Boban aveva garantito che l'obiettivo era vincere a breve/medio termine. Mentiva lui a milioni di persone o qualcuno gli ha mentito prima?

Io non capisco sta logica di tagliare ingaggi ecc. per non fare minus valenze ecc. il problema è che senza la champions e senza i grandi giocatori la Puma ti da 10 milioni l'anno e non 40. Fly emirates te ne da 10 e non 50 ecc. ecc. ed invece di fatturare come la Juve (noi abbiamo sempre fatturato di piu) fatturi la metà.


----------



## Heaven (3 Marzo 2020)

Zlatan87 ha scritto:


> Chi scommette una pizza con me che, con i casini che stanno combinando, Donnarumma va via a zero o quasi senza uno straccio di plusvalenza?

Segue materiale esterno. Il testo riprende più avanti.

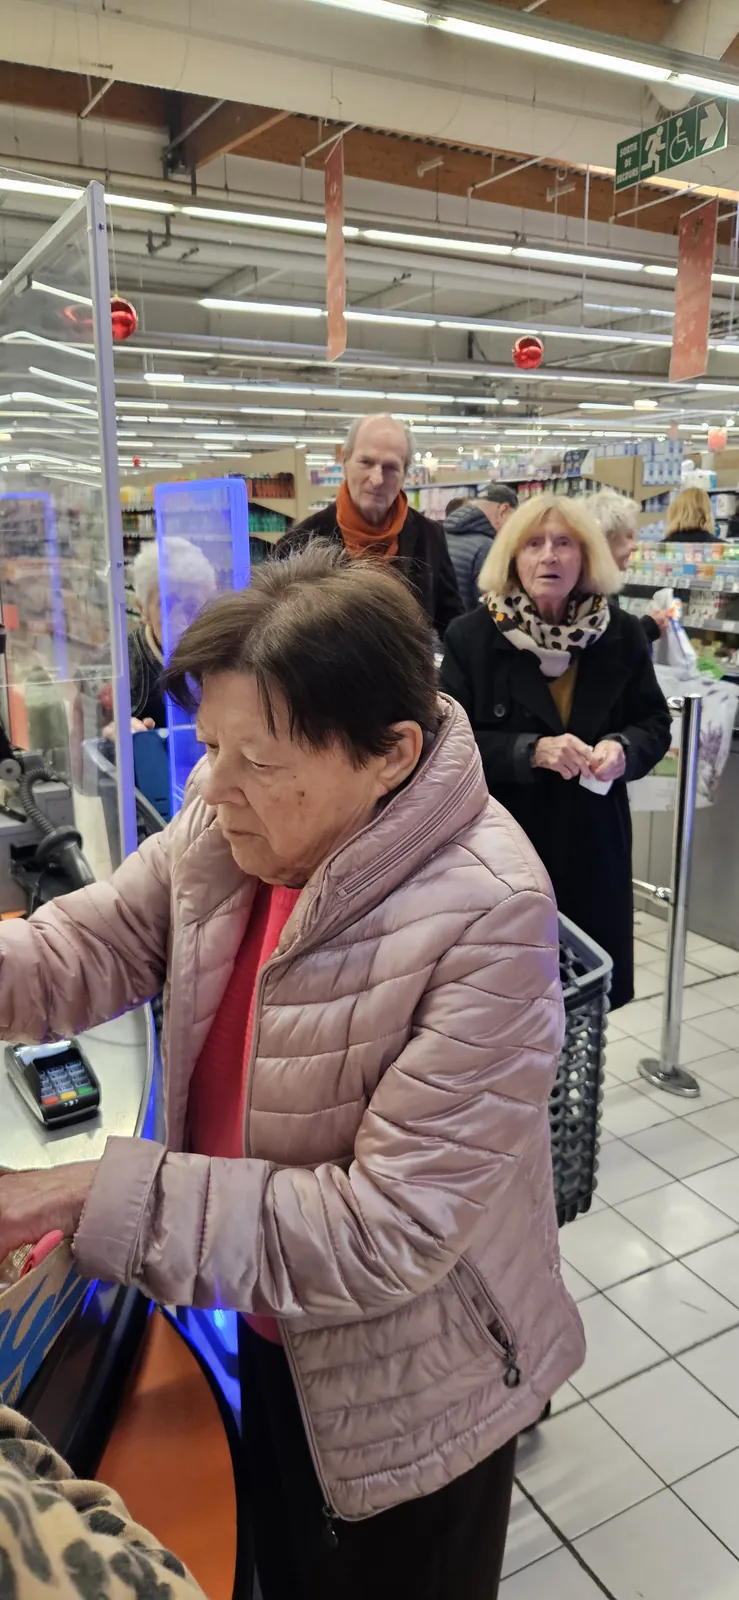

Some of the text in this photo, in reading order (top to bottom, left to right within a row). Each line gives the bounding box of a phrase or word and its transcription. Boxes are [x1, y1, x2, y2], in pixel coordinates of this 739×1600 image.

[620, 142, 638, 157] SORTIE
[624, 157, 632, 168] DE
[616, 167, 639, 184] SECOURS

Meglio. Mi sa ormai che il fallimento totale è la via d’uscita più breve. 
Se se ne vanno tutti, non arriva nessuno sponsor, facciamo sempre più pena, magari questi strozzini decidono di andarsene prima del previsto.


----------



## Pit96 (3 Marzo 2020)

sipno ha scritto:


> Forse si, ma la proprietà è l'unica che non si può cambiare.
> 
> Il vero errore è stato a mio avviso cercare di mixare professionalità alle bandiere.
> 
> ...



Gazidis non ha mai potuto esprimere il suo operato?
Diciamo che non ha fatto una mazza da quando è arrivato, se non dire: questo giocatore è troppo vecchio, non lo prendiamo. 
La società poi, se doveva fare come dici tu, ha sbagliato per ben due volte. Prima ha preso Maldini e Leonardo, poi ha cacciato Leonardo e preso Boban. Insomma, due anni su due buttati al vento. L'unica cosa che è stata fatta è quella di cercare di abbassare il monte ingaggi (che hanno fatto Maldini e Boban, che certo, hanno sbagliato anche loro, ma almeno qualcosa hanno provato a fare), mentre di alzare il fatturato nemmeno l'ombra. Nuovi sponsor? Niente di importante. E qui ho la sensazione che si poteva fare molto di più


----------



## MissRossonera (3 Marzo 2020)

Direi che siamo ai titoli di coda,il progetto di uccisione del Milan è perfettamente andato in porto. Amici del forum, è stato un piacere condividere qualche rarissima gioia con voi in questi anni, da oggi in poi credo che ci sarà solo un enorme buco nero di programmata miseria.


----------



## admin (3 Marzo 2020)

Admin ha scritto:


> Come riportato dalla GDS in edicola oggi, 3 marzo, l'addio di Boban e Maldini al Milan è questione di ore. Non ci saranno incontri nè chiarimenti. I due dirigenti andranno via, probabilmente, dopo il match con la Juve. Andrà via anche Massara.
> 
> Elliott darà pieni poteri a Gazidis, che punterà su Rangnick e sui giovani.
> 
> ...



.


----------



## admin (3 Marzo 2020)

*TMW: è finita tra Boban ed il Milan. Legali al
lavoro per sistemare la questione.*


----------



## gabri65 (3 Marzo 2020)

Admin ha scritto:


> *TMW: è finita tra Boban ed il Milan. Legali al
> lavoro per sistemare la questione.*



Neanche uno come Boban ce l'ha fatta a raddrizzare il Milan.

Segniamoci questo post e vediamo che combina l'amministratore del condominio.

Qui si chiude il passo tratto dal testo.